Illinois yesterday launched a legal challenge to block US President Donald Trump from deploying hundreds of federalised National Guard troops into the streets of Chicago – the latest flashpoint in a growing number of court battles over the Republican president’s authority to deploy military forces domestically.
The Democratic-led state and the city of Chicago filed the lawsuit hours after a federal judge in Oregon on Sunday temporarily blocked Trump’s administration from sending any National Guard troops to police Portland, Oregon.
Chicago’s lawsuit is the fourth legal action targeting Trump’s unprecedented use of soldiers to police US cities, suppress protests and bolster domestic immigration enforcement.
Courts have not yet reached a final decision in any of those cases, but judges in California and Oregon have made initial rulings that Trump likely overstepped his authority.
The Illinois lawsuit took aim at a decision by the Trump administration over the weekend to federalise up to 300 members of the Illinois National Guard over the objections of Democratic Governor J B Pritzker and another 400 from Texas to deploy into Chicago.
“These advances in President Trump’s long-declared ‘War’ on Chicago and Illinois are unlawful and dangerous,” the complaint alleged.
The Republican president is deploying the military to Illinois based on a “flimsy pretext” that alleges an Immigration and Customs Enforcement facility in a suburb of Chicago needs protecting as protests outside the building over Trump’s immigration crackdown continue, according to the lawsuit.
The state argues that the Trump administration has not met the legal conditions needed to allow it to federalise National Guard troops without Pritzker’s blessing and is violating the Posse Comitatus Act, a federal law which sharply limits the use of the military for domestic enforcement.

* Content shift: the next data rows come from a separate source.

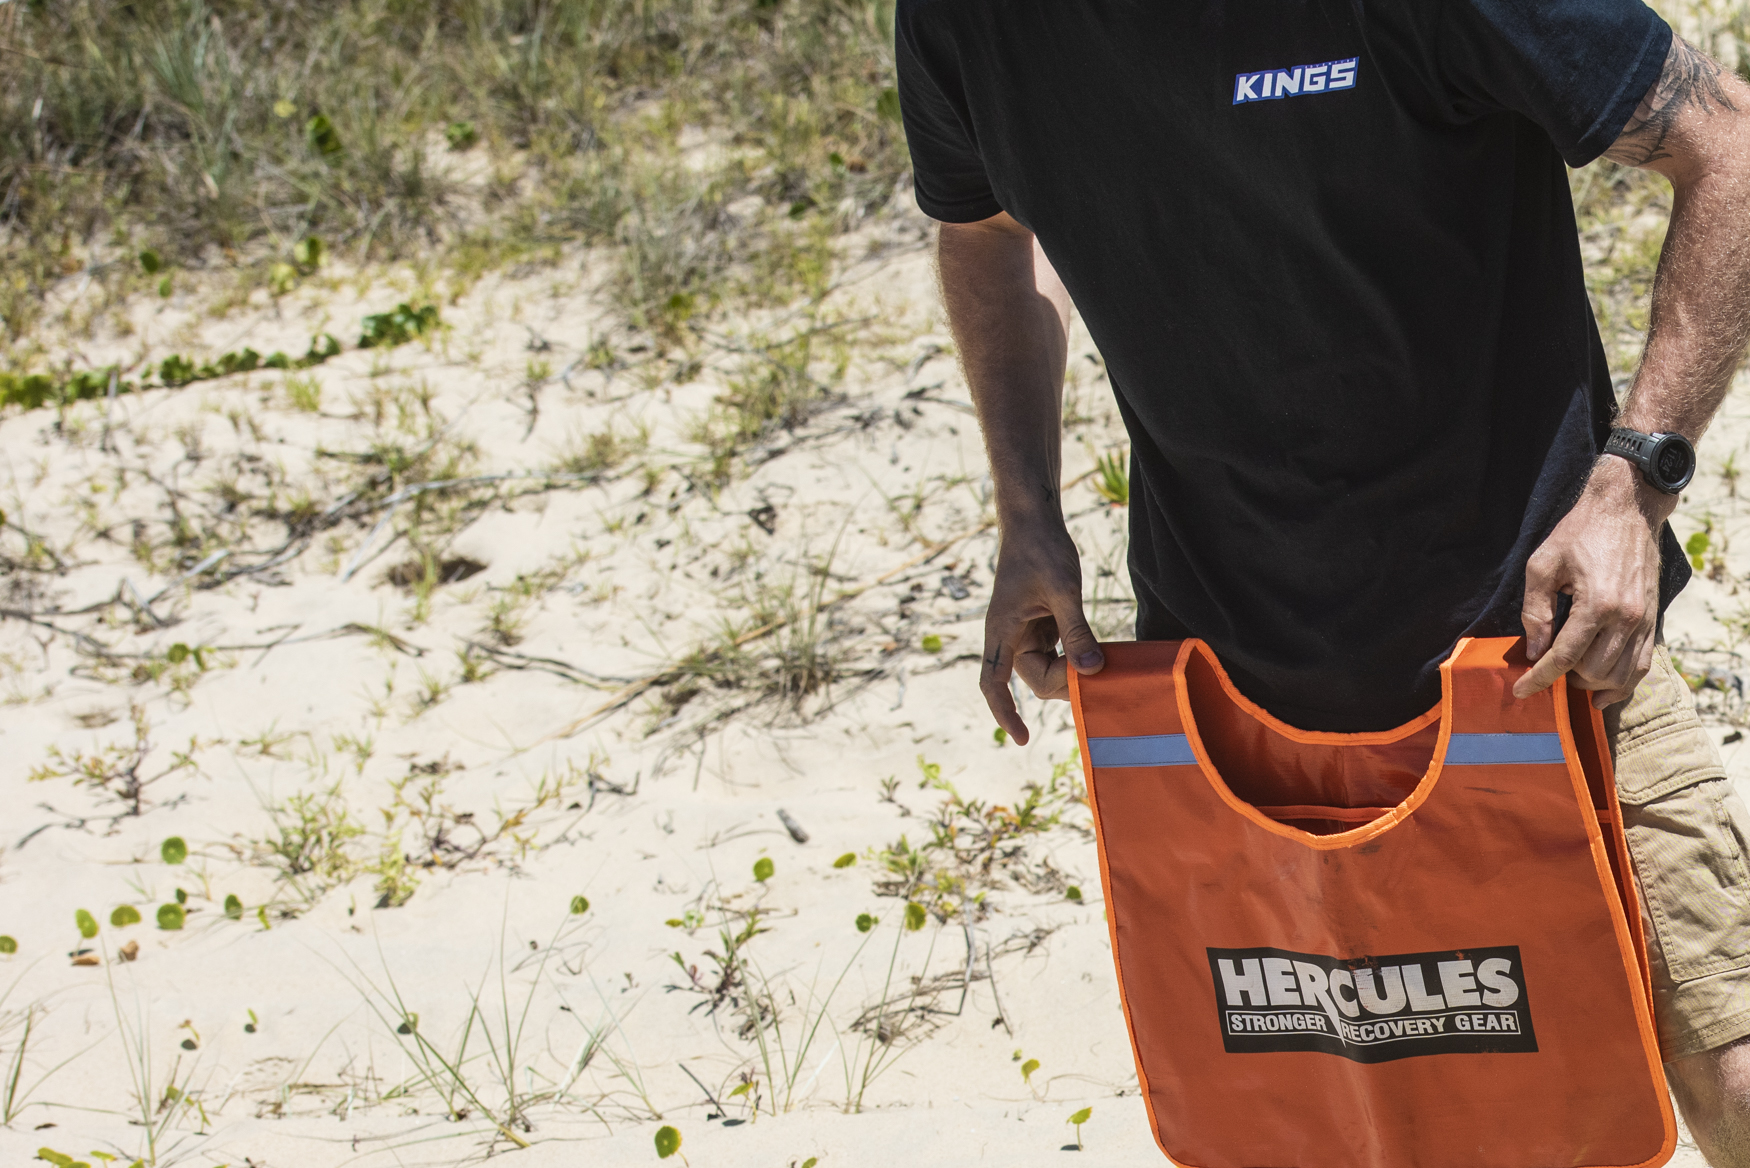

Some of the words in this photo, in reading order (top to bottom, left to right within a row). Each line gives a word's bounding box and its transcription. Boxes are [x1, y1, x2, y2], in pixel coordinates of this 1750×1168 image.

[1236, 61, 1356, 101] KINGS
[1217, 958, 1520, 1030] HERCULES
[1231, 1013, 1328, 1031] STRONGER
[1341, 1017, 1446, 1042] RECOVERY
[1455, 1013, 1517, 1031] GEAR
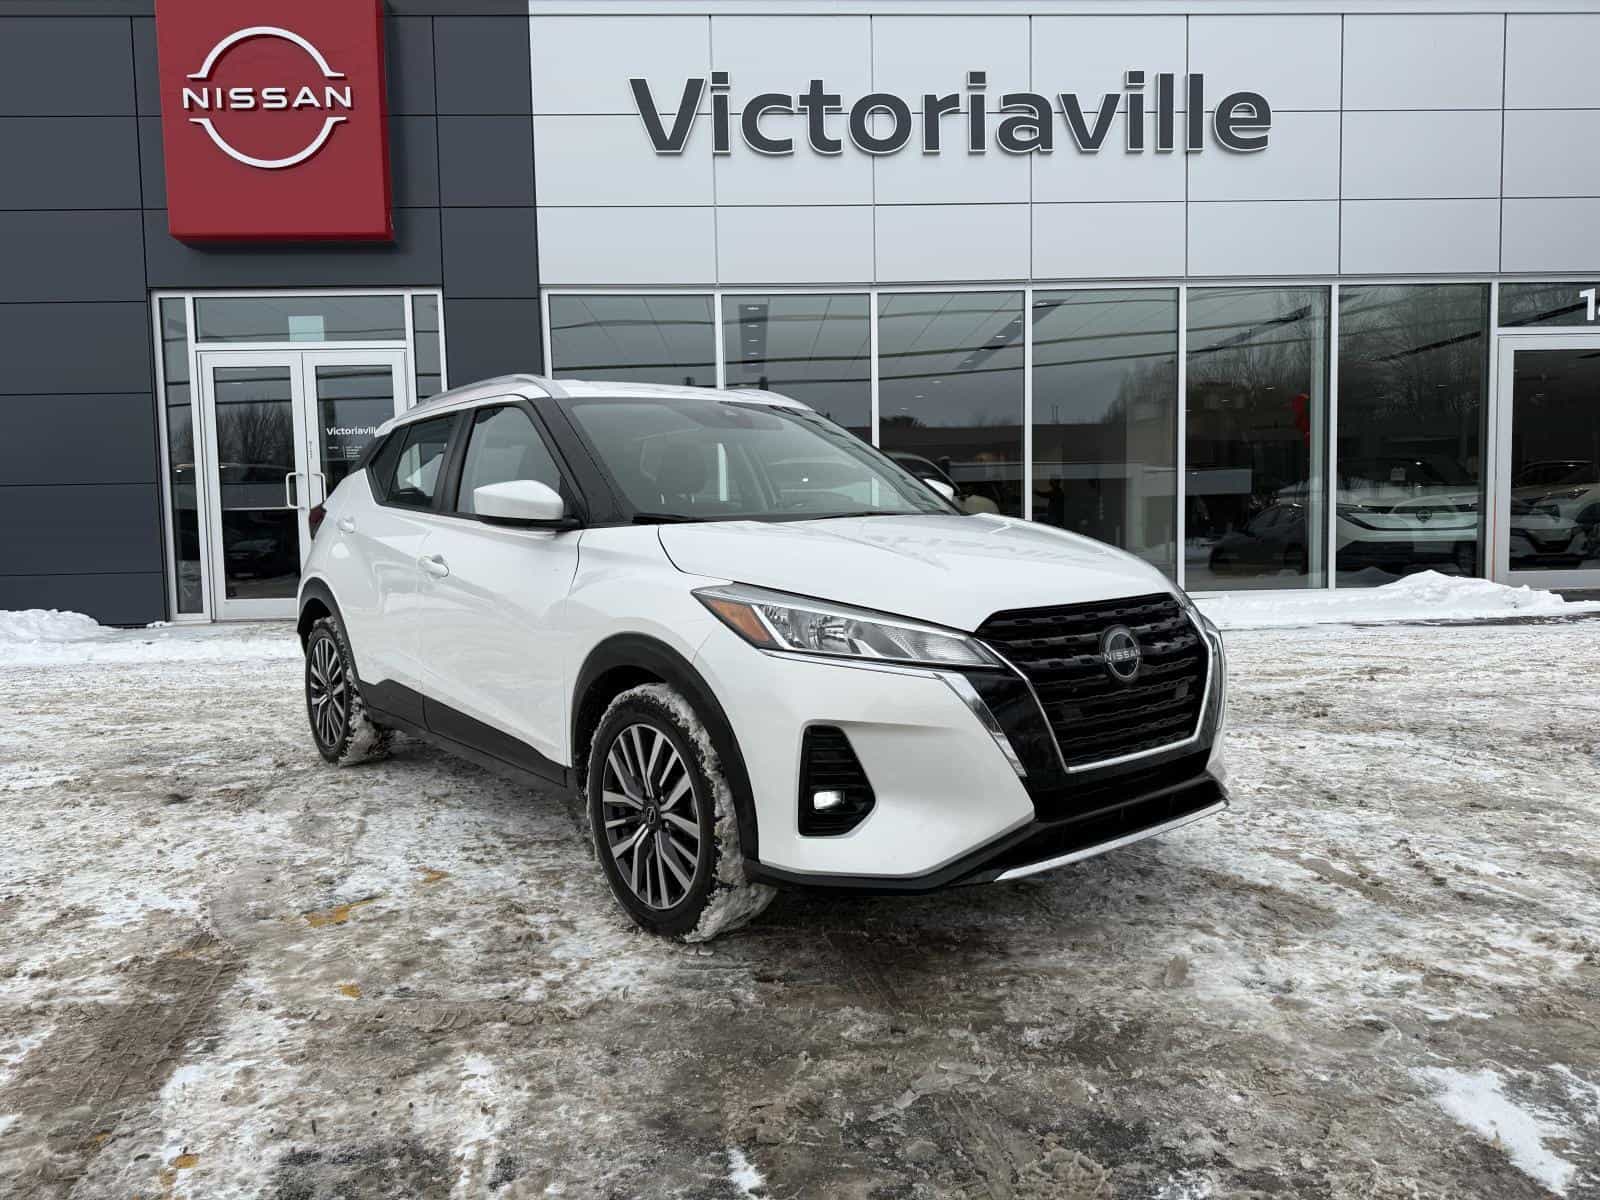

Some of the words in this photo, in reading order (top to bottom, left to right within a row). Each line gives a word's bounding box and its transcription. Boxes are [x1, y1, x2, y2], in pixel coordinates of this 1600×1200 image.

[182, 86, 352, 109] NISSAN
[628, 71, 1273, 157] Victoriaville
[1579, 288, 1600, 321] 1
[326, 425, 377, 436] Victoriavill
[1103, 647, 1141, 664] NISSAN

The lawsuit also argues Trump’s actions violate the US Constitution’s 10th Amendment, which protects states’ rights, by usurping Pritzker’s role as the commander-in-chief of the National Guard in Illinois and by infringing on the state’s authority over local law enforcement.

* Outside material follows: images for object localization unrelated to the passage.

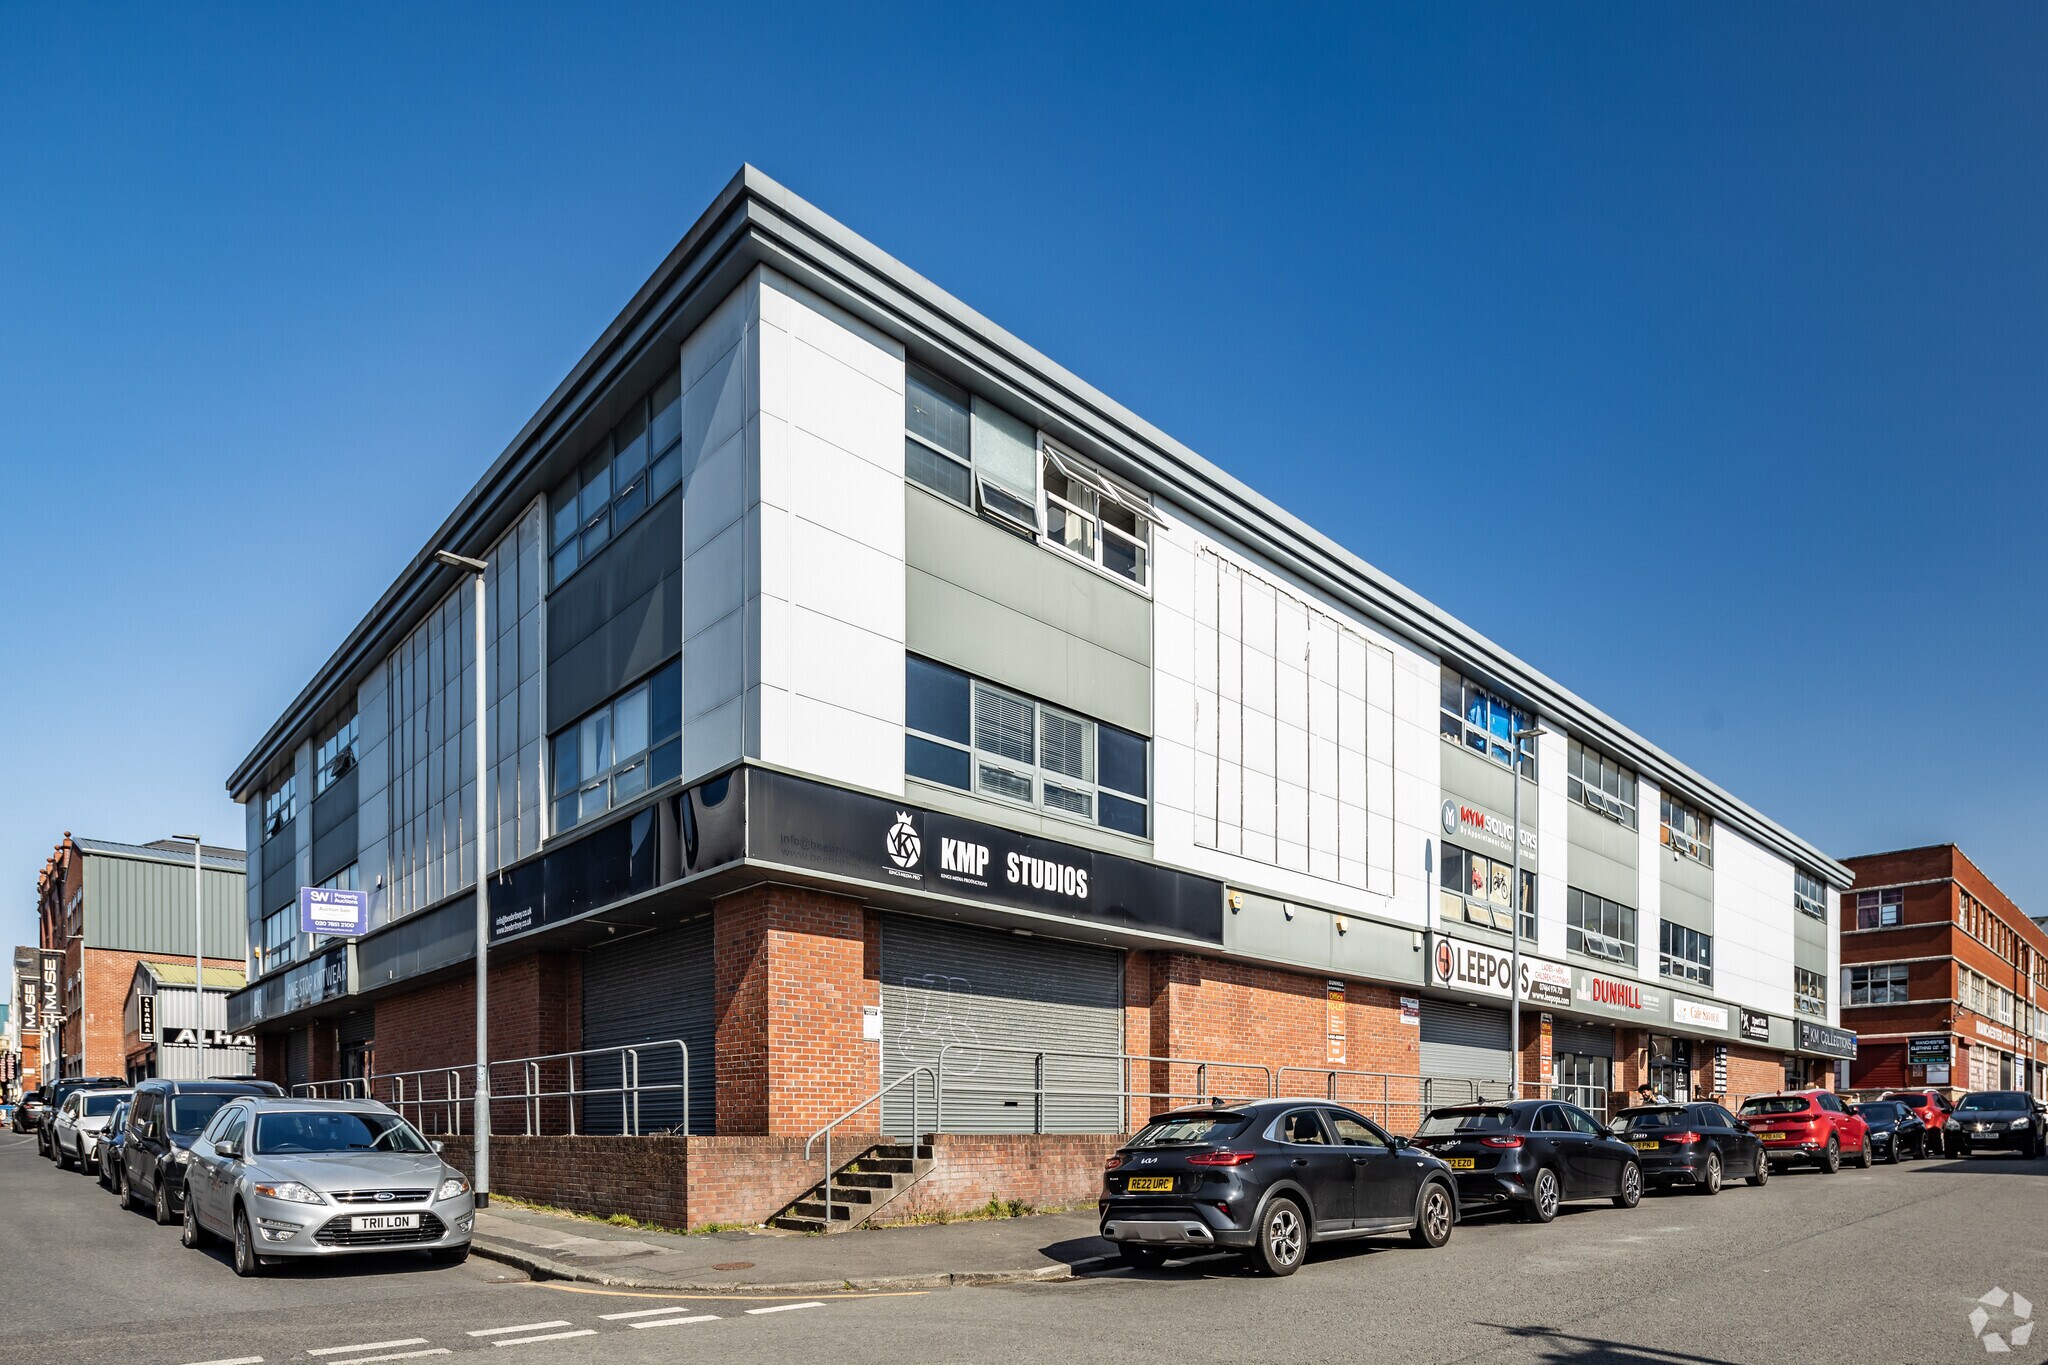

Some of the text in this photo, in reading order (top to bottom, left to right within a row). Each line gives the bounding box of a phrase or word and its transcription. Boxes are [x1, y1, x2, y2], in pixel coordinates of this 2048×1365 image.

[1460, 805, 1537, 850] MYM SOLICIORS
[1460, 825, 1467, 835] By
[1467, 828, 1501, 847] Appointment
[1501, 841, 1512, 853] Only
[940, 837, 1088, 899] KMP STUDIOS
[963, 877, 988, 888] PRODUCTIONS
[334, 893, 358, 901] Property
[1457, 947, 1529, 994] LEEPOS
[44, 958, 57, 1010] MUSE
[287, 981, 298, 1001] ONE
[299, 975, 312, 997] STOP
[1593, 978, 1642, 1010] DUNHILL
[24, 983, 36, 1028] MUSE
[1328, 1002, 1345, 1011] TO-LET
[1329, 992, 1344, 1001] Office
[1532, 991, 1570, 1005] www.leepops.com
[1809, 1028, 1820, 1044] KM
[1131, 1178, 1169, 1190] RE22 URC
[386, 1216, 410, 1229] LON

A separate lawsuit was filed yesterday by a group of journalists and protesters in Chicago, who said that the Trump administration had violated their First Amendment right to free expression.
The Department of Homeland Security has routinely used “brutal” tactics meant to “intimidate and silence the Press and civilians,” such as using tear gas, pepper spray and rubber bullets to disperse crowds even when protests were small and peaceful, according to the lawsuit.